Because a truthful, descriptive language is one of the foundations of his political philosophy, Godwin condemns non-constative utterances more severely than any of his contemporaries. In an implicit attack on the political theory stemming from Hobbes and Locke, Godwin denies that contractual utterances can be the basis for either moral behavior or a healthy society. "Promises and compacts are in no sense the foundation of morality," he declares at the beginning of his chapter "Of Promises" (PJ 1.194), and repeats the claim several times after that. Instead, "the foundation of morality is justice"; virtuous behavior results from our basic, reasonable inclination to balance people's needs and their abilities so as to promote "the welfare of intelligent beings" (PJ 1.195).

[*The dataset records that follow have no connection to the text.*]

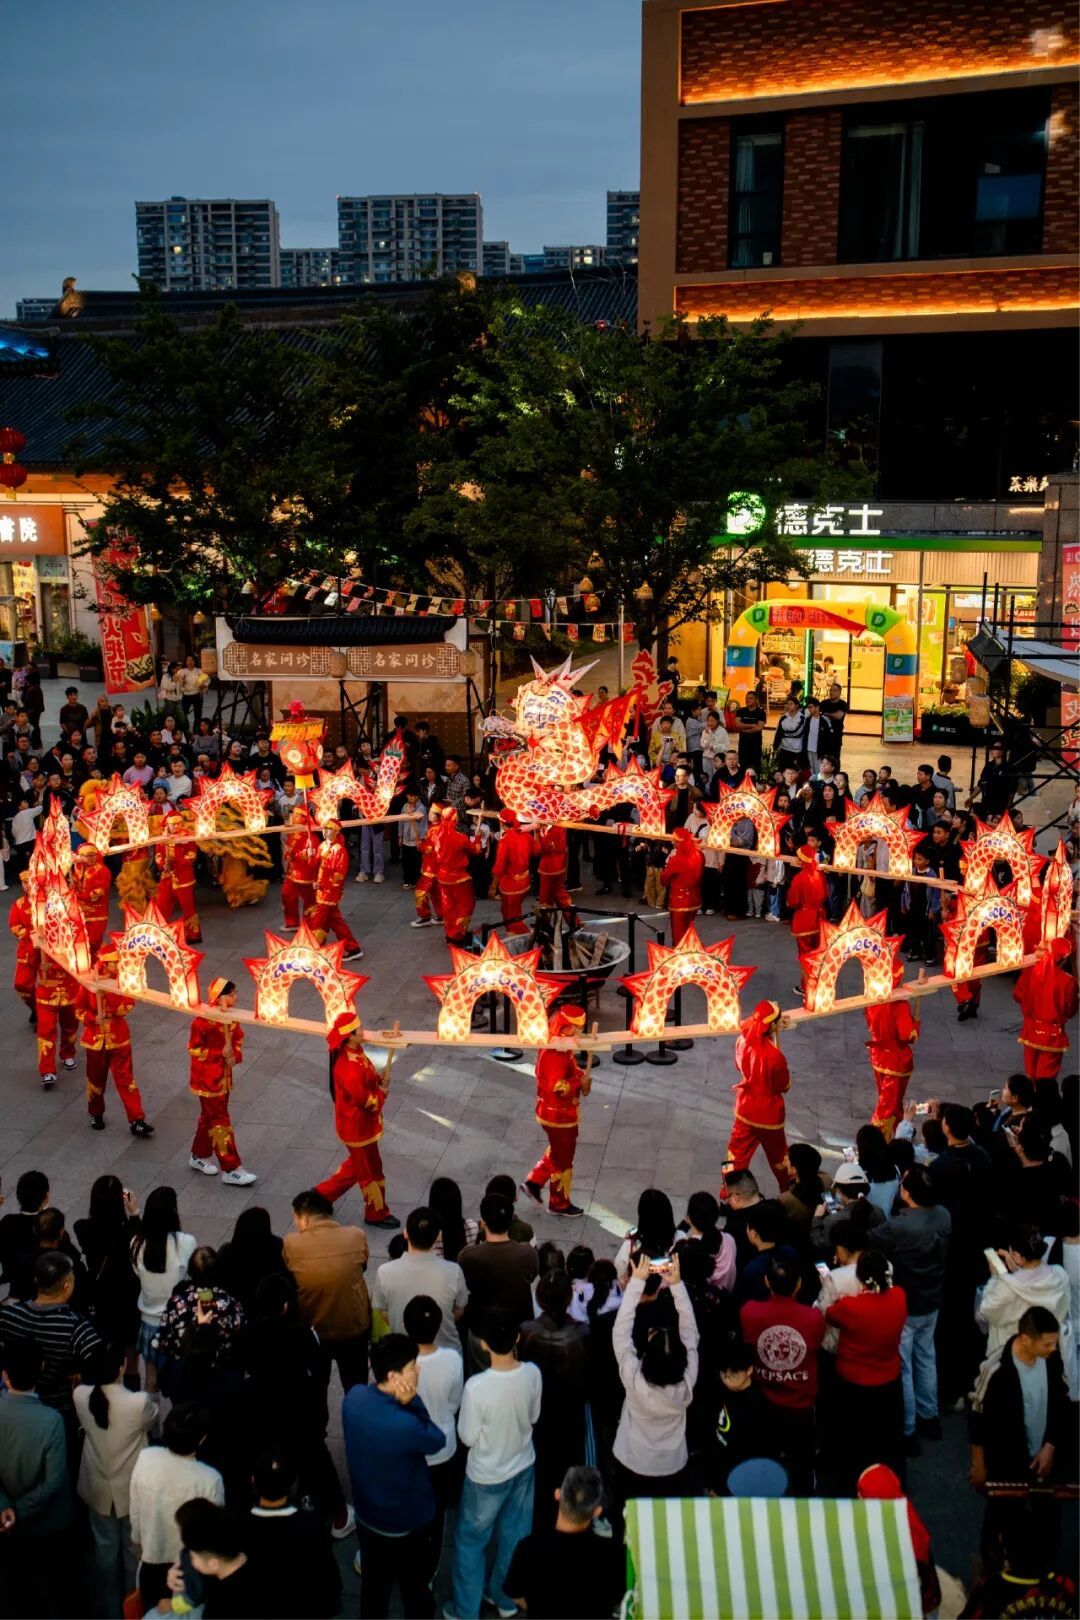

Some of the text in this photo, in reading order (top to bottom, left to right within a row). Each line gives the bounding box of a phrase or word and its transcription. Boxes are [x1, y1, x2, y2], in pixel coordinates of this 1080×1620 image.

[775, 503, 884, 535] 德克士
[808, 550, 894, 574] 德克士
[249, 651, 311, 667] 名家问诊
[373, 652, 437, 669] 名家问诊
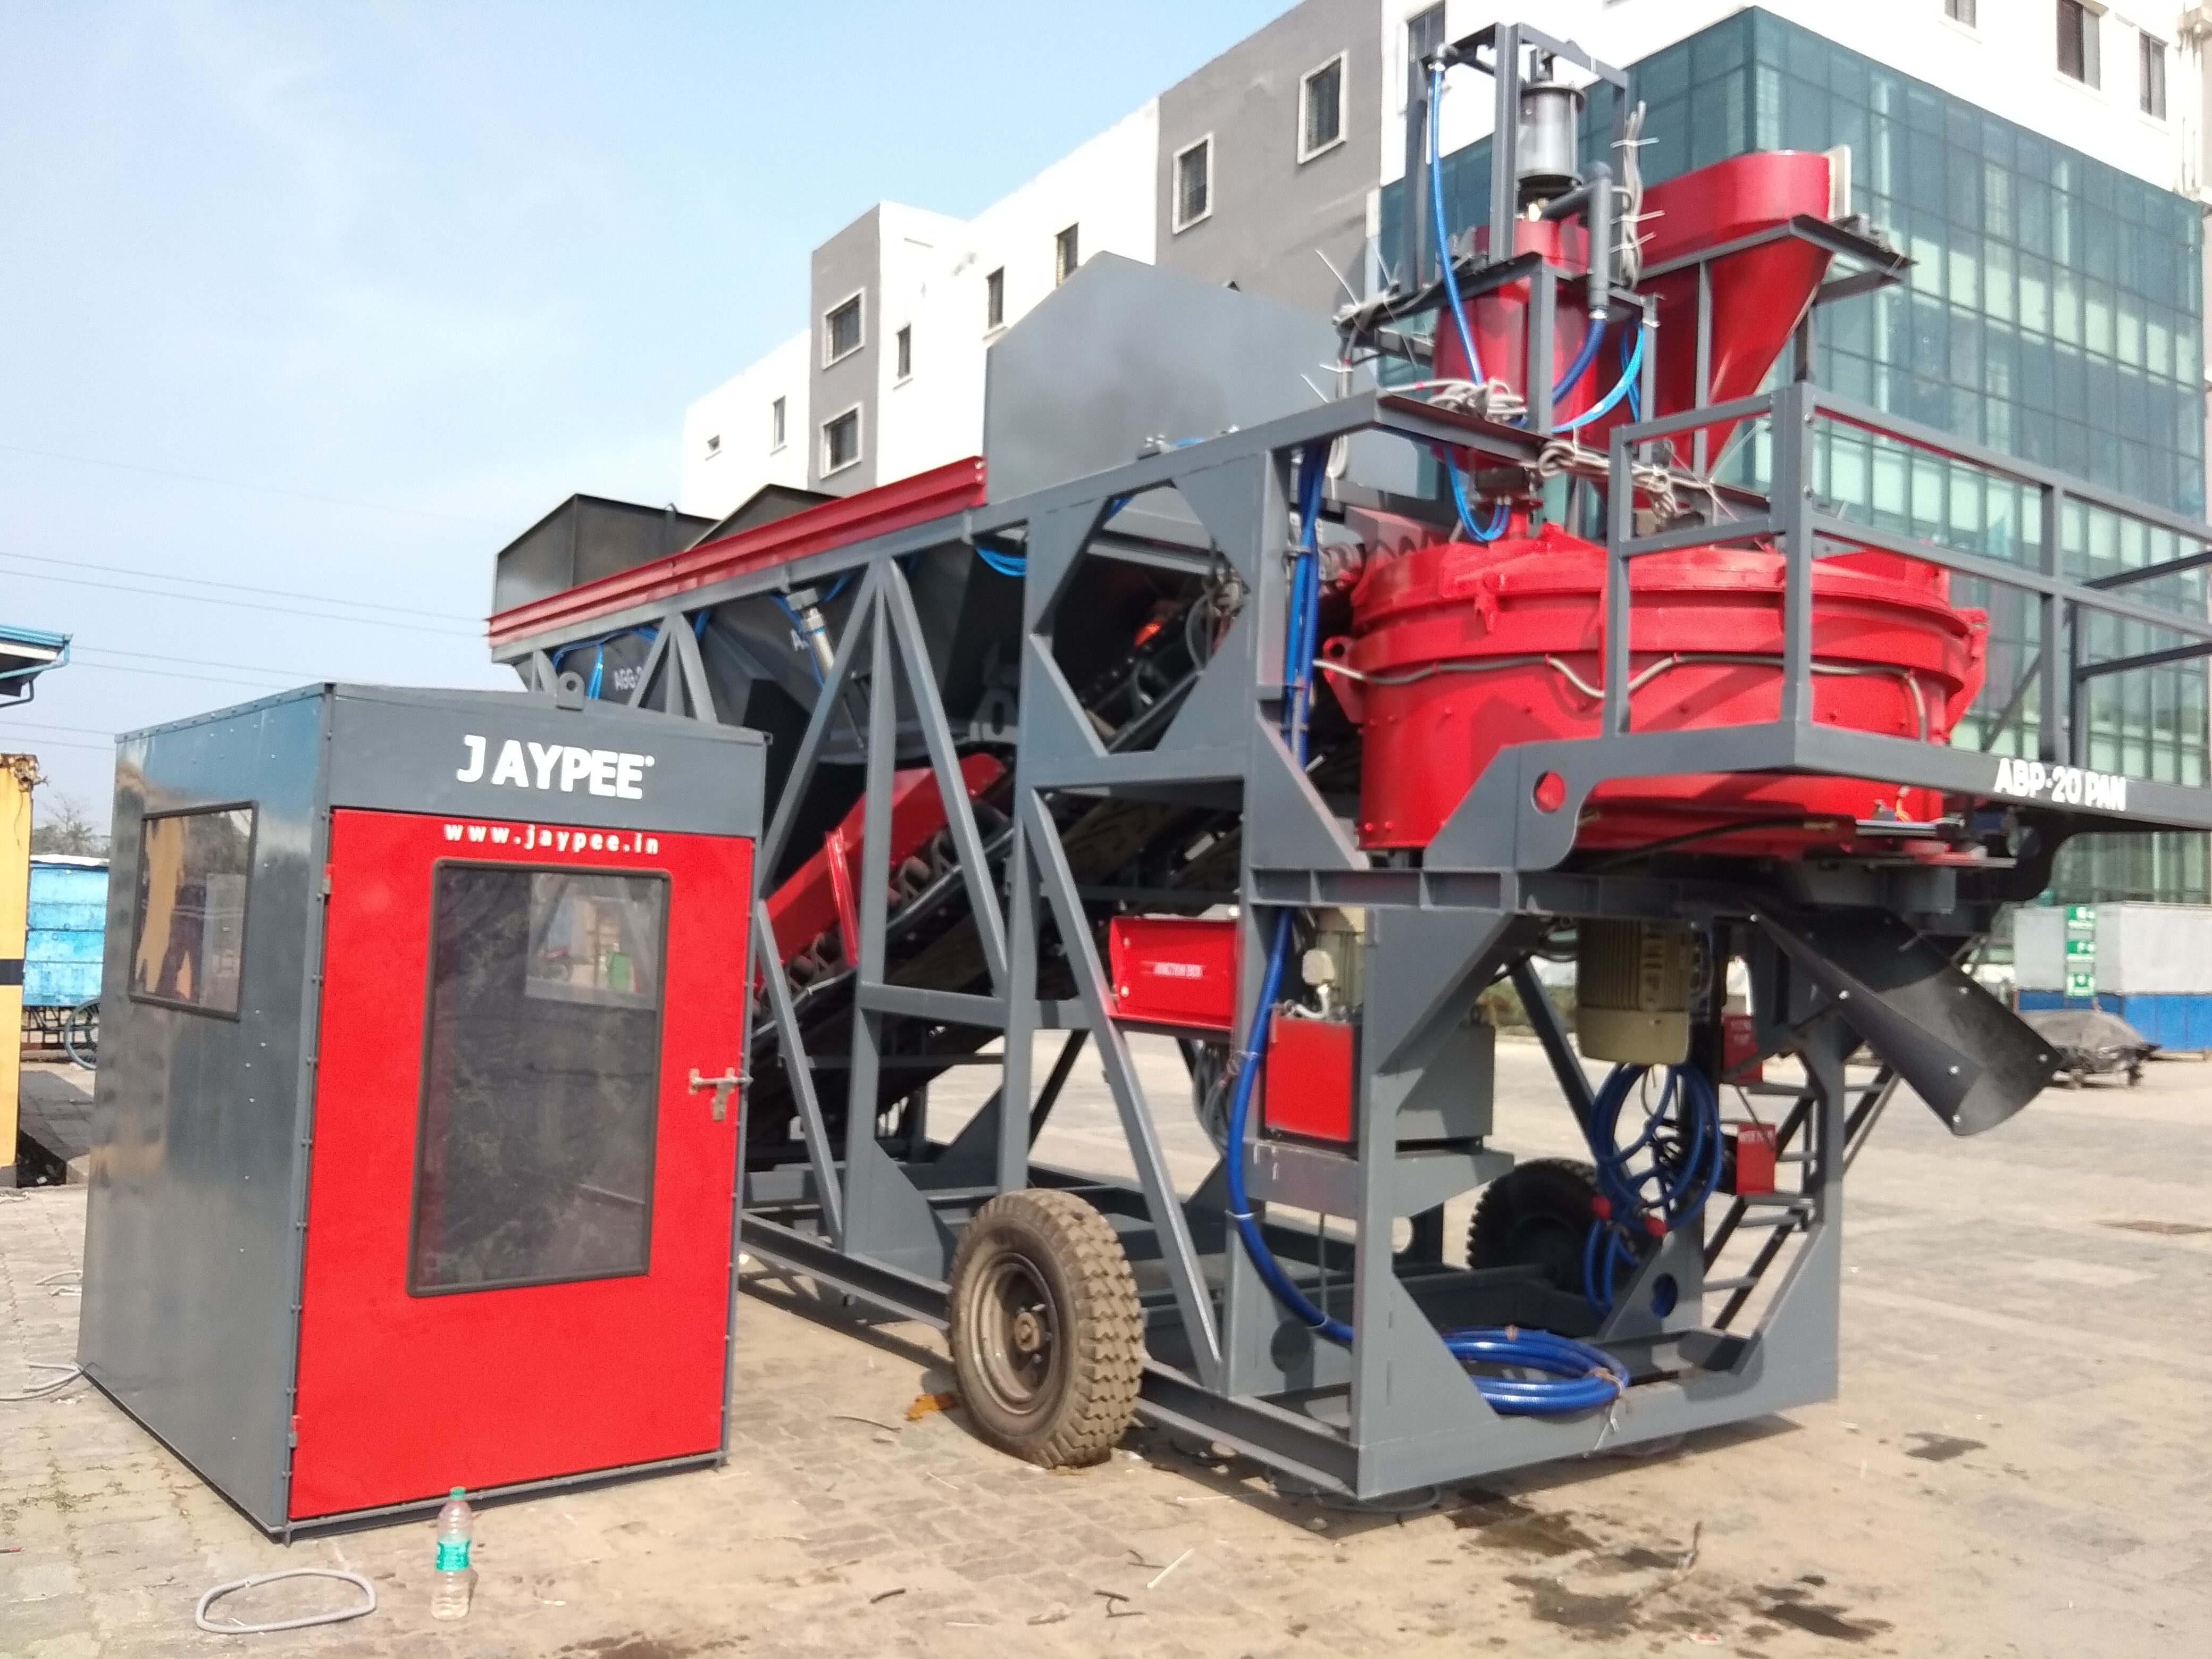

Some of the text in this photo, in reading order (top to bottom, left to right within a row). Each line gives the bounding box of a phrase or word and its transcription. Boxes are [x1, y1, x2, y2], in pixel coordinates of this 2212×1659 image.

[1994, 758, 2126, 811] ABP-20 PAN
[443, 823, 659, 854] www.jaypee.in

Promising is a second-stage behavior that, if properly applied, expresses our moral intentions; but looking to promises to explain morality amounts to taking an effect for the cause. Worse, it obscures the real motive for moral behavior by putting a temporary, contingent, and superficial verbal formula in its place. Promises "call off our attention from the direct tendencies of our conduct, and fix it upon a merely local and precarious consideration" (PJ 1.202); that is to say, we should perform a virtuous action for its own sake, not because we happen to have pronounced a few words relating to that action at some point in the past. Worse still, promises offend against the normal process of improving and perfecting our behavior, which depends on the continual acquisition of new and better information over time. Even if a promise corresponds with virtuous behavior at the time I make it, that which I perceive to be good or evil may change when I acquire more information; but my promise works against improvement by locking my behavior into the pattern that was set when my information was still incomplete. All speech acts that attempt to exert control over future behavior ultimately work against the improvement of society because they institutionalize error, protect existing abuses, and prevent reform.

In critiquing the promise, Godwin also anticipates quite closely some aspects of the modern analysis of it as a paradigmatic performative. He recognizes that it is not a specific verbal or grammatical formula that makes an utterance into a promise, but rather the context in which the words are spoken--or, more specifically, what speech-act theorists call the "uptake" of the hearer. Godwin's distinction between "perfect" and "imperfect" promises suggests that even sentences not intended as promises may count as promises depending on the situation in which they are uttered:

A perfect promise is where the declaration of intention is made by me, for

the express purpose of serving as a ground of expectation to my neighbour

respecting my future conduct. An imperfect promise is where it actually

thus serves as a ground of expectation, though that was not my purpose when

I nude the declaration. Imperfect promises are of two classes: I may have

reason, or I may have no reason, to know, when I make the declaration, that

it will be acted upon by my neighbour, though not assuming the specific

form of an engagement. (PJ 1.203-4)

J. L. Austin will use the identical example to distinguish between explicit (or "primitive") and implicit performatives: "`I shall be there' may or may not be a promise.... [I]n a given situation it can be open to me to take it as either one or the other."(6) Godwin's intuition of the distinction between speaker's intention, hearer's uptake, and grammatical form shows that he, like Austin, regards speech as interpersonal action, and meaning as a function of the pragmatic context.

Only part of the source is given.